Les actes d'incivilité à la hausse cet été

Marc Bondil, maire de Moustiers-Sainte-Marie dans les Alpes-de-Haute-Provence, était l’invité de Patrick Roger le 7 août dans l’émission "C’est à la une" sur Sud Radio, à retrouver du lundi au vendredi à 8h10.

Impossible pour les forces de l'ordre d'intervenir au-delà de 48 heures, en cas de squat d'une résidence autre que principale.

Les maires du Verdon sont inquiets face à une hausse des incivilités depuis le début de l’été. Quels types d’incivilités ?

 

Une nouveauté par rapport aux étés précédents

"Déjà, nous avons des incivilités sur le bord du lac, des déchets, des bouteilles et aussi des tentatives d’allumer des feux, ce qui est très dangereux en ce moment, détaille Marc Bondil, maire de Moustiers-Sainte-Marie dans les Alpes-de-Haute-Provence Nous avons pas mal de dégradations, de panneaux, de barrières, de rétroviseurs cassés. On retrouve des bouteilles dans le cimetière. La Chapelle Sainte-Anne est squattée. C’est nouveau par rapport aux étés précédents."

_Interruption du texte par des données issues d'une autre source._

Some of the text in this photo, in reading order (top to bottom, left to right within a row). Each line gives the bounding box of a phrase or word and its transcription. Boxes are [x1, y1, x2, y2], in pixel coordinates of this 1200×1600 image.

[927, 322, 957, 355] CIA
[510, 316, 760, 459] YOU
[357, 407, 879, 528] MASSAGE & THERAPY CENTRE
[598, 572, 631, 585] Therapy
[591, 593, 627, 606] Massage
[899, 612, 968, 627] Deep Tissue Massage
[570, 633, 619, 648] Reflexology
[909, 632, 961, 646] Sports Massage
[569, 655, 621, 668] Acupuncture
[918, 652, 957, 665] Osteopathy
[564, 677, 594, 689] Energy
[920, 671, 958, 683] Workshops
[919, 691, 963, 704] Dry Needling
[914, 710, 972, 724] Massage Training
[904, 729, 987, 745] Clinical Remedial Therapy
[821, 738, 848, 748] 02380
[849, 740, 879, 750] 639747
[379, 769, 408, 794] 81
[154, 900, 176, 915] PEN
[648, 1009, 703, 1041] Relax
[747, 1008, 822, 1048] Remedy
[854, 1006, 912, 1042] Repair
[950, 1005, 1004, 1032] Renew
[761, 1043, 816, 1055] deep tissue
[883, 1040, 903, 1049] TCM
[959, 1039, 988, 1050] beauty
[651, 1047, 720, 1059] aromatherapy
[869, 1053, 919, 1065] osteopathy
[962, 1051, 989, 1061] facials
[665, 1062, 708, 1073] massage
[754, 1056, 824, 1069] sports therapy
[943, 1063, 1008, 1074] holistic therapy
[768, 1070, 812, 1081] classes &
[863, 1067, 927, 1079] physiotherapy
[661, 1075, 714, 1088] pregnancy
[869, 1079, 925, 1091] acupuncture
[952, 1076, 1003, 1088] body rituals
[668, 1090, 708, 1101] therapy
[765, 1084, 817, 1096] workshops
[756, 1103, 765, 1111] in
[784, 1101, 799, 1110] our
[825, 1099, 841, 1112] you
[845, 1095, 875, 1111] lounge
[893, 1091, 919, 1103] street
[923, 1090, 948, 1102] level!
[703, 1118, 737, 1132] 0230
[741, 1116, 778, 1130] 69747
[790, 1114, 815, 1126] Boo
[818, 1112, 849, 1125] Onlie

Pourquoi toutes ces incivilités ? Est-ce le fait de locaux ou de vacanciers ? "Un peu des deux, il y a des auteurs locaux et des petits groupes. On se lâche on boit…"Cette année, les touristes sont principalement français, et surtout très nombreux. "Oui, franchement, on retrouve la fréquentation qu’il y avait dans les années 80. Les parkings sont pleins. D’habitude, on ouvre le stade pour se garer le 14 juillet et le 15 août. On a une population de 500 habitants, là nous en sommes à 7.000 ou 8.000."

 

Faire appel à une agence de sécurité

Comment réagir face à cette petite délinquance estivale ? "Nous avons trois ASVP mais avec des pouvoirs de police assez limités, explique Marc Bondil. Les renforts de gendarmerie ne sont pas suffisants par rapport à la population. Nous mettons en place une agence de sécurité pour patrouiller la nuit, dissuader, pas faire de la répression. Les ASVP tournent jusqu’à 23 h. Ensuite, les agents de sécurité tournent. Ils peuvent appeler la gendarmerie, bloquer quelqu’un pendant 20 minutes ou une demi-heure. C’est légal."

Quel investissement cela représente-t-il pour cette toute petite commune ? "Cela va quand même coûter 5.700 euros à la population. C’est un peu délicat, mais que faire ? Il faut mettre les moyens. Les touristes, les visiteurs viennent. Il faut qu’on les accueille comme il faut. Le nombre de visiteurs a été multiplié par cinq, c’est énorme, une année historique. Après le confinement, les gens se relâchent complètement, et parfois, cela va un peu trop loin."